Esta abordagem para áreas urbanas se cumpridas em todo território nacional permitiria mais dignidade ao ser humano, mais preservação ambiental redução das áreas de risco, mais qualidade de vida e certamente um planejamento contínuo de todo o território urbano com benefícios para toda sociedade.


Uma outra abordagem da Gestão Territorial está relacionada a como fazer esta gestão em harmonia com a preservação e a conservação dos recursos naturais. Neste caso o que se busca é a mesma harmonia que deveria existir na gestão urbana, no entanto, o foco estaria centrado de forma mais efetiva em compreender como os aspectos bióticos e os aspectos físicos do ambiente podem gerar em harmonia com os aspectos sociais, econômicos e institucionais de organização do Estado, zonas de desenvolvimento que respeitem a diversidades e peculiaridades regionais e possibilitem a elaboração de políticas que levem a gestão mais adequada do território brasileiro.


O Zoneamento Ecológico Econômico, a Gestão Ambiental Integrada, estão dentre várias possibilidades, de se ter instrumentos para viabilizar a Gestão Territorial na busca da promoção do desenvolvimento sustentável.


O principal ganho com O Zoneamento Ecológico Econômico - ZEE, é mostrar com um grau de definição espacial e numa escala semi-quantitativa, que possibilite comparações até então inexistente, além da identificação da fragilidade ou vulnerabilidade do ecossistema e a potencialidade social ou o ponto de partida de cada município.
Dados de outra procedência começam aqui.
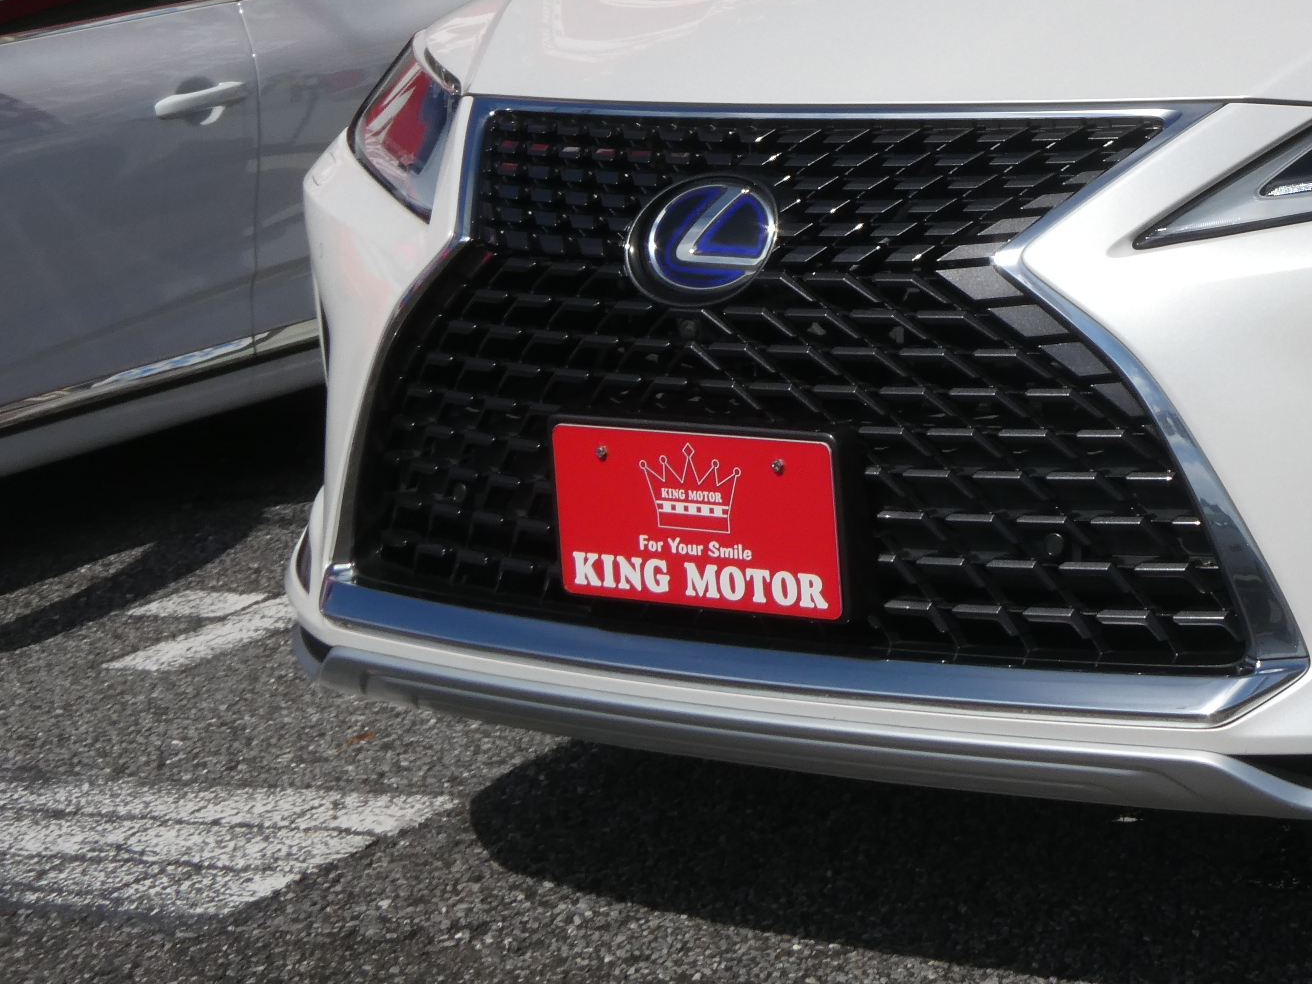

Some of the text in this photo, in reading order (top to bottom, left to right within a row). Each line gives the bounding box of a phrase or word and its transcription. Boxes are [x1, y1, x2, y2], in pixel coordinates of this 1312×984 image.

[660, 487, 723, 503] KING MOTOR
[639, 534, 752, 561] For Your Smile
[572, 551, 829, 609] KING MOTOR
Contudo, por exemplo, não cabe ao ZEE definir até que ponto a qualidade ambiental de uma dada região deva ser mantida, ou que regiões do Estado podem ainda ser desmatadas e ocupadas com lavouras intensivas, e tampouco cabe ao ZEE decidir se, quando e como as desigualdades regionais serão combatidas prioritariamente. Essas são decisões que, pela sua complexidade, extrapolam em muito a competência da ZEE.


Historicamente, é inegável que a época dos grandes planejadores, do dirigismo estatal já passou. Cremos que a tendência atual é que as decisões sejam tomadas cada vez mais localmente, o que implica em maior participação democrática, mas também em desuniformidade de critérios, imediatismo, opinião pública desinformada, etc. Porém, o que o ZEE nunca poderá fazer é usurpar a função do tomador de decisões, já que o balanço entre preservação ambiental e desenvolvimento econômico é subjetivo e particular a cada grupo populacional. Por outro lado, tomada uma decisão e definidos os objetivos e meios disponíveis, o ZEE tem muito a contribuir.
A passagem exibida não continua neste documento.